Free-text object descriptions:
▬▬▬▬▬▬▬▬▬▬

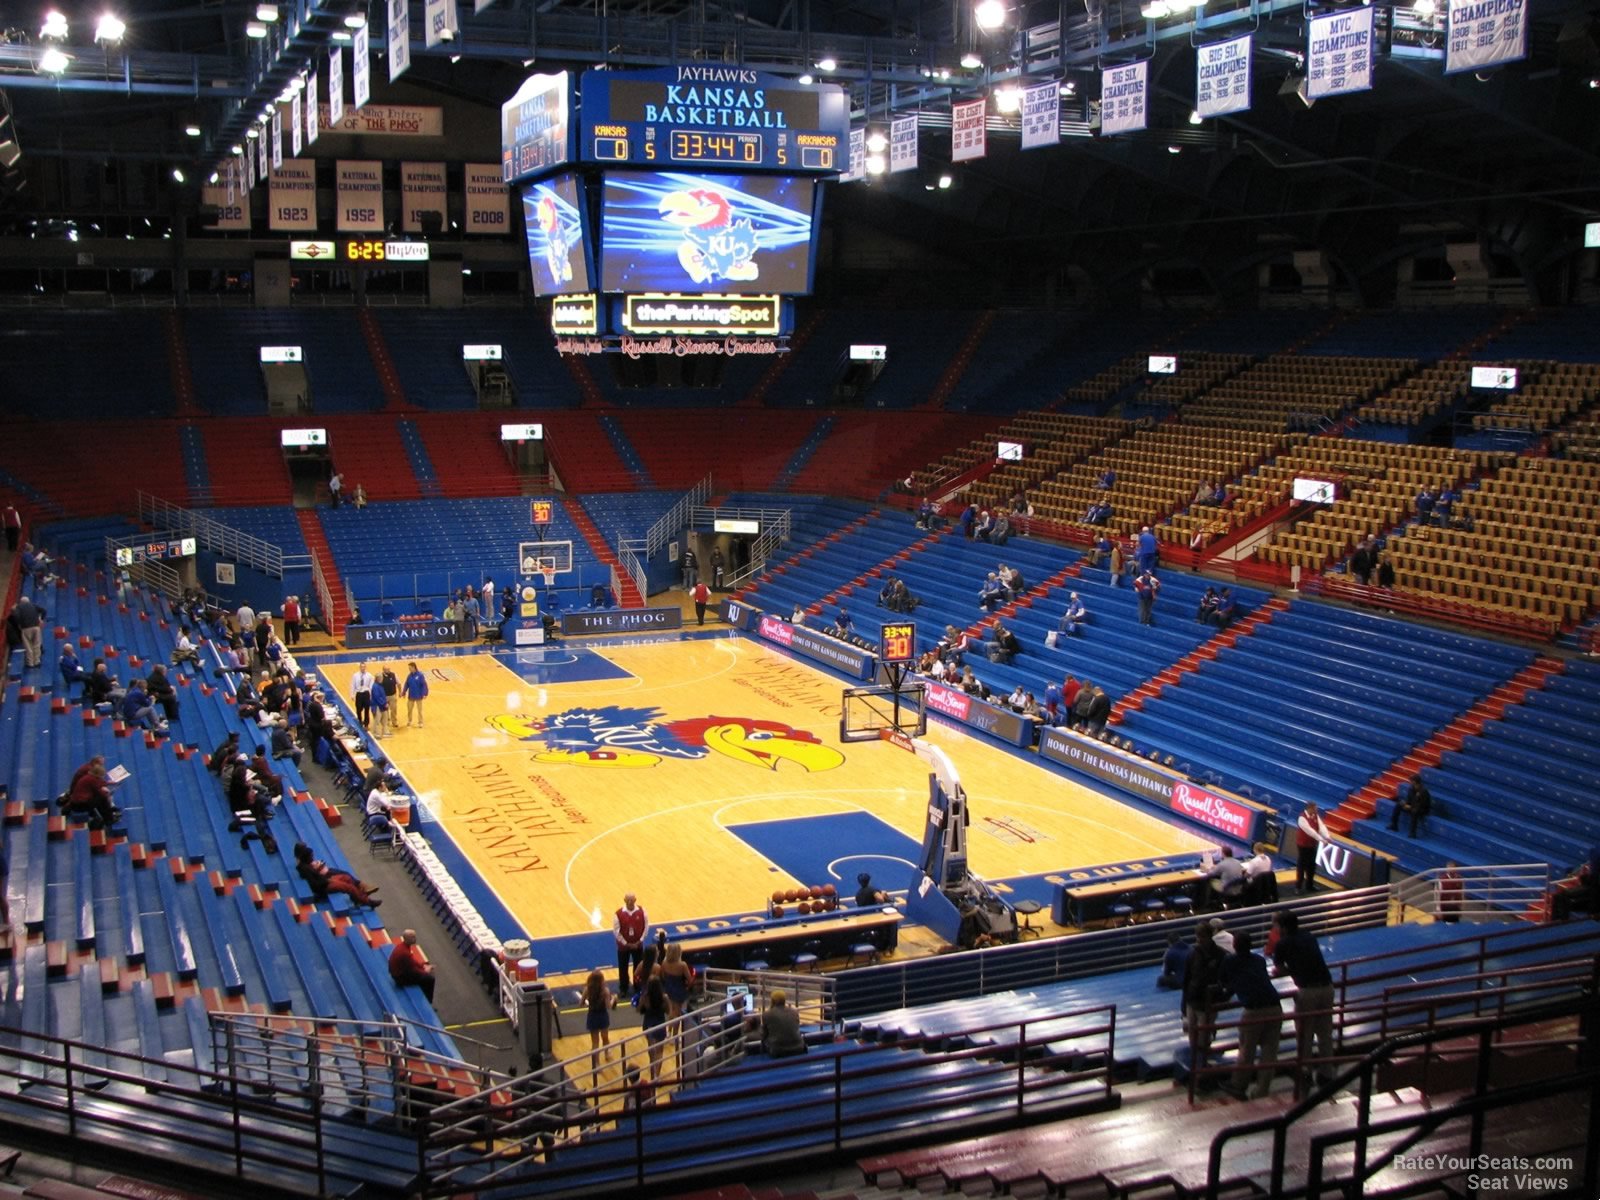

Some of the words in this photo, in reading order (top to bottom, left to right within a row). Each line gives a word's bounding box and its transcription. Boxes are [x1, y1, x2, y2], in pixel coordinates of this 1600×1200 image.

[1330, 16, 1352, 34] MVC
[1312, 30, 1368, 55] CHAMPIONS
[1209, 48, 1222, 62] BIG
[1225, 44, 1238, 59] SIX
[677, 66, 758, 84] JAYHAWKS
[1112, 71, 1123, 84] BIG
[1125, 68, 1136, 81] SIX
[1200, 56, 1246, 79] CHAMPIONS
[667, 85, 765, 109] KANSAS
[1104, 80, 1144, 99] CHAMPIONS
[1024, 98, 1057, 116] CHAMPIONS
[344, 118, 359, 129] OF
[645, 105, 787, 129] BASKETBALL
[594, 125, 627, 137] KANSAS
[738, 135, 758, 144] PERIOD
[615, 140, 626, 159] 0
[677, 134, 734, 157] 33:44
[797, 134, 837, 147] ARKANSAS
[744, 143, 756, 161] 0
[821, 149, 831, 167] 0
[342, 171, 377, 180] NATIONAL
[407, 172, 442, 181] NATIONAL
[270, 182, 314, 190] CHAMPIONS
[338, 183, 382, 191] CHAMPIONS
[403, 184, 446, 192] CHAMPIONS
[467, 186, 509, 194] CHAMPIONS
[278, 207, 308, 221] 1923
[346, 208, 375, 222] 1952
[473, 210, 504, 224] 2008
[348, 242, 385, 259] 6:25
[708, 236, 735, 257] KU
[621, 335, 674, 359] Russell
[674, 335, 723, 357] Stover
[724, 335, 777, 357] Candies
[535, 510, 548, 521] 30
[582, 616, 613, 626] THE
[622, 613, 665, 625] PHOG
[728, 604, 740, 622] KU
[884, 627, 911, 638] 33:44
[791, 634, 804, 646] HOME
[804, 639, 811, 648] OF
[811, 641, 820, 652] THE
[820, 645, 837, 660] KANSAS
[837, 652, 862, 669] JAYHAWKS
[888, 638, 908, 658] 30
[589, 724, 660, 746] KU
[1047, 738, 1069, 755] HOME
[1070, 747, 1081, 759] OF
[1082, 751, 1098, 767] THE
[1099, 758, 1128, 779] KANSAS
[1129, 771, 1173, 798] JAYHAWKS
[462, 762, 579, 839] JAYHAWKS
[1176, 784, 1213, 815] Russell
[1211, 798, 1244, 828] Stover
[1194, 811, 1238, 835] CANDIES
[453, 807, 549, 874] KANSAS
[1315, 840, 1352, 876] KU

▬▬▬▬▬▬▬▬▬▬

◆ **Try it**: Using the data above, write out every line exactly, leaving the images behind.

◆ **Task answer**:
Some of the words in this photo, in reading order (top to bottom, left to right within a row). Each line gives a word's bounding box and its transcription. Boxes are [x1, y1, x2, y2], in pixel coordinates of this 1600×1200 image.

[1330, 16, 1352, 34] MVC
[1312, 30, 1368, 55] CHAMPIONS
[1209, 48, 1222, 62] BIG
[1225, 44, 1238, 59] SIX
[677, 66, 758, 84] JAYHAWKS
[1112, 71, 1123, 84] BIG
[1125, 68, 1136, 81] SIX
[1200, 56, 1246, 79] CHAMPIONS
[667, 85, 765, 109] KANSAS
[1104, 80, 1144, 99] CHAMPIONS
[1024, 98, 1057, 116] CHAMPIONS
[344, 118, 359, 129] OF
[645, 105, 787, 129] BASKETBALL
[594, 125, 627, 137] KANSAS
[738, 135, 758, 144] PERIOD
[615, 140, 626, 159] 0
[677, 134, 734, 157] 33:44
[797, 134, 837, 147] ARKANSAS
[744, 143, 756, 161] 0
[821, 149, 831, 167] 0
[342, 171, 377, 180] NATIONAL
[407, 172, 442, 181] NATIONAL
[270, 182, 314, 190] CHAMPIONS
[338, 183, 382, 191] CHAMPIONS
[403, 184, 446, 192] CHAMPIONS
[467, 186, 509, 194] CHAMPIONS
[278, 207, 308, 221] 1923
[346, 208, 375, 222] 1952
[473, 210, 504, 224] 2008
[348, 242, 385, 259] 6:25
[708, 236, 735, 257] KU
[621, 335, 674, 359] Russell
[674, 335, 723, 357] Stover
[724, 335, 777, 357] Candies
[535, 510, 548, 521] 30
[582, 616, 613, 626] THE
[622, 613, 665, 625] PHOG
[728, 604, 740, 622] KU
[884, 627, 911, 638] 33:44
[791, 634, 804, 646] HOME
[804, 639, 811, 648] OF
[811, 641, 820, 652] THE
[820, 645, 837, 660] KANSAS
[837, 652, 862, 669] JAYHAWKS
[888, 638, 908, 658] 30
[589, 724, 660, 746] KU
[1047, 738, 1069, 755] HOME
[1070, 747, 1081, 759] OF
[1082, 751, 1098, 767] THE
[1099, 758, 1128, 779] KANSAS
[1129, 771, 1173, 798] JAYHAWKS
[462, 762, 579, 839] JAYHAWKS
[1176, 784, 1213, 815] Russell
[1211, 798, 1244, 828] Stover
[1194, 811, 1238, 835] CANDIES
[453, 807, 549, 874] KANSAS
[1315, 840, 1352, 876] KU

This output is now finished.